• PROVIDED DATA:
*-*-*

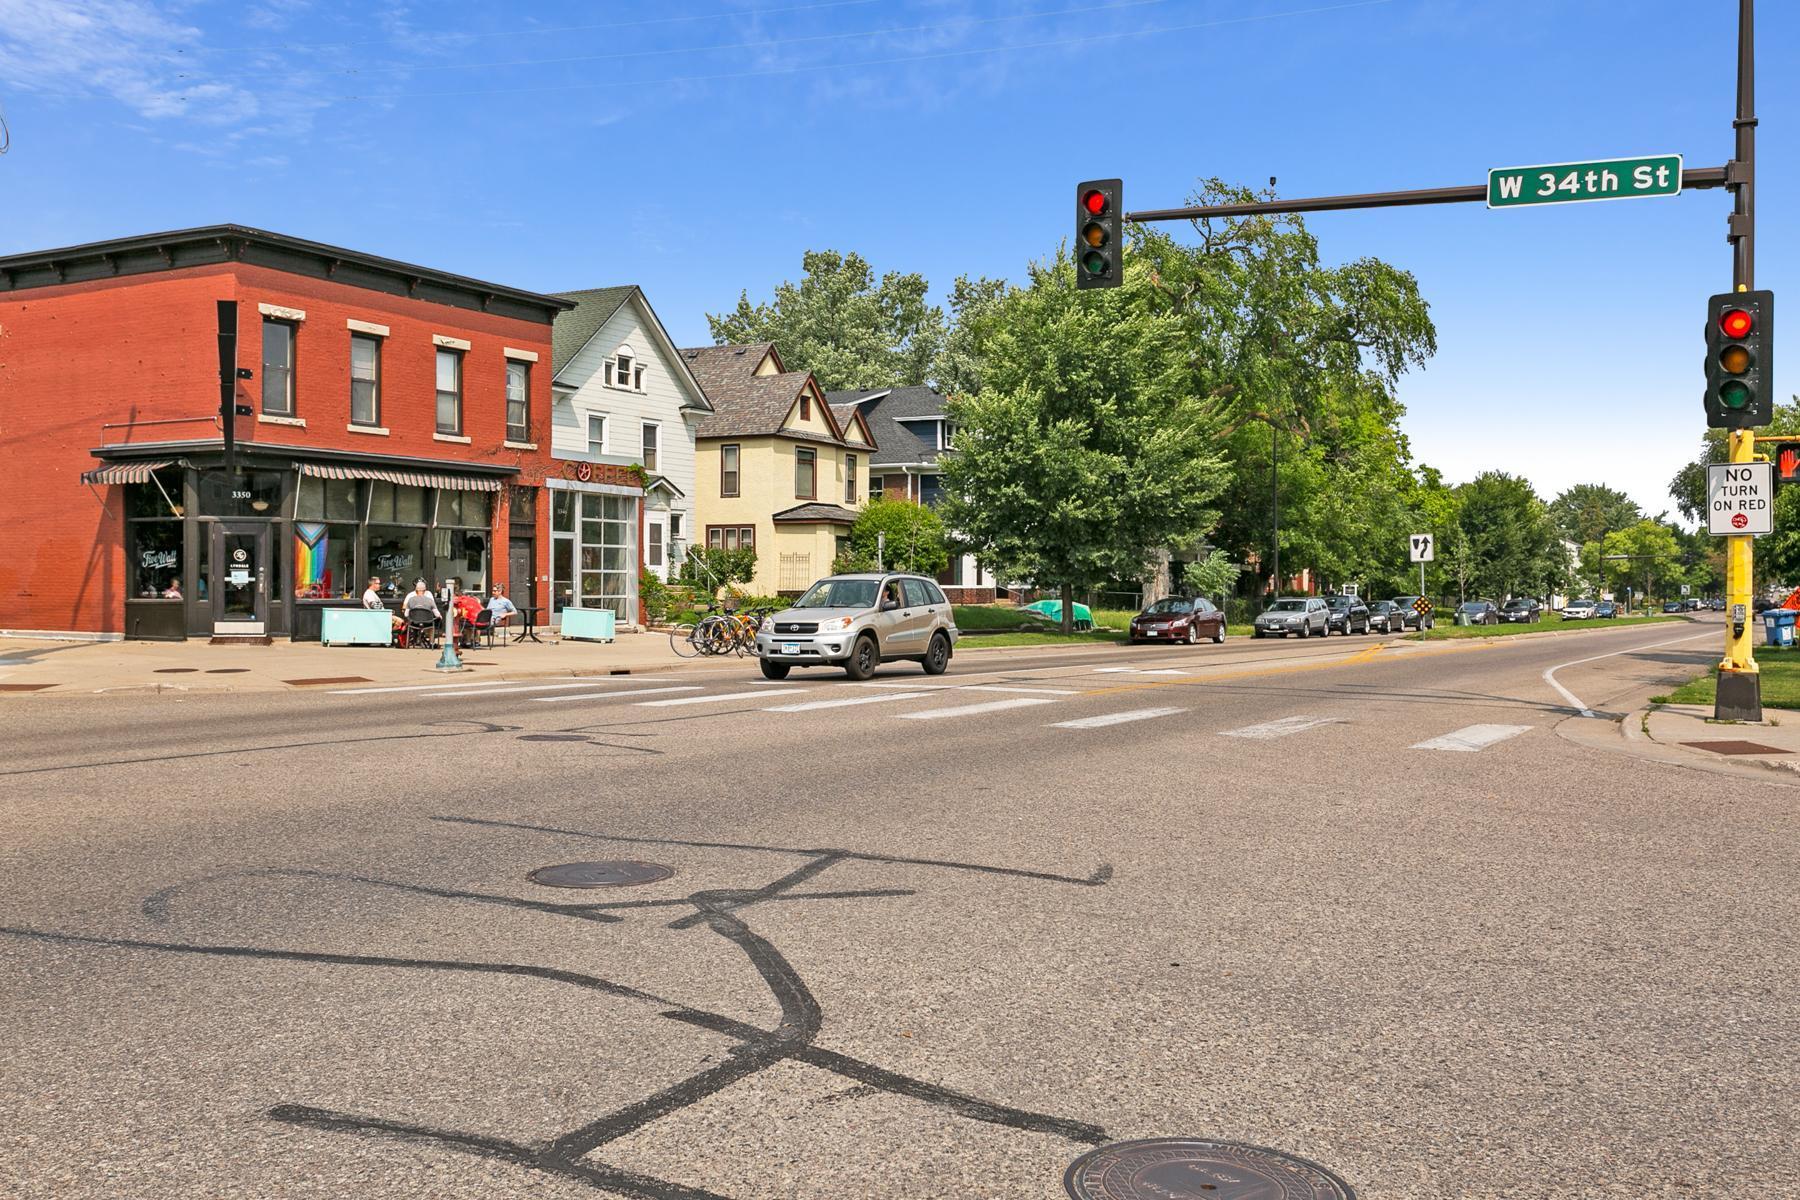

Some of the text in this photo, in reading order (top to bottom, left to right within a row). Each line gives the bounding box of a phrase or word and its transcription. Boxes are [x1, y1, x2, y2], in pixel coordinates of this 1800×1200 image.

[1498, 164, 1670, 199] W 34th St
[1726, 468, 1752, 482] NO
[231, 491, 251, 499] 3350
[1721, 485, 1758, 497] TURN
[1713, 499, 1766, 511] ON RED

*-*-*

• ACTIVITY: All of the entries above are to be restated word for word, minus the images.

• EXPECTED OUTPUT:
Some of the text in this photo, in reading order (top to bottom, left to right within a row). Each line gives the bounding box of a phrase or word and its transcription. Boxes are [x1, y1, x2, y2], in pixel coordinates of this 1800×1200 image.

[1498, 164, 1670, 199] W 34th St
[1726, 468, 1752, 482] NO
[231, 491, 251, 499] 3350
[1721, 485, 1758, 497] TURN
[1713, 499, 1766, 511] ON RED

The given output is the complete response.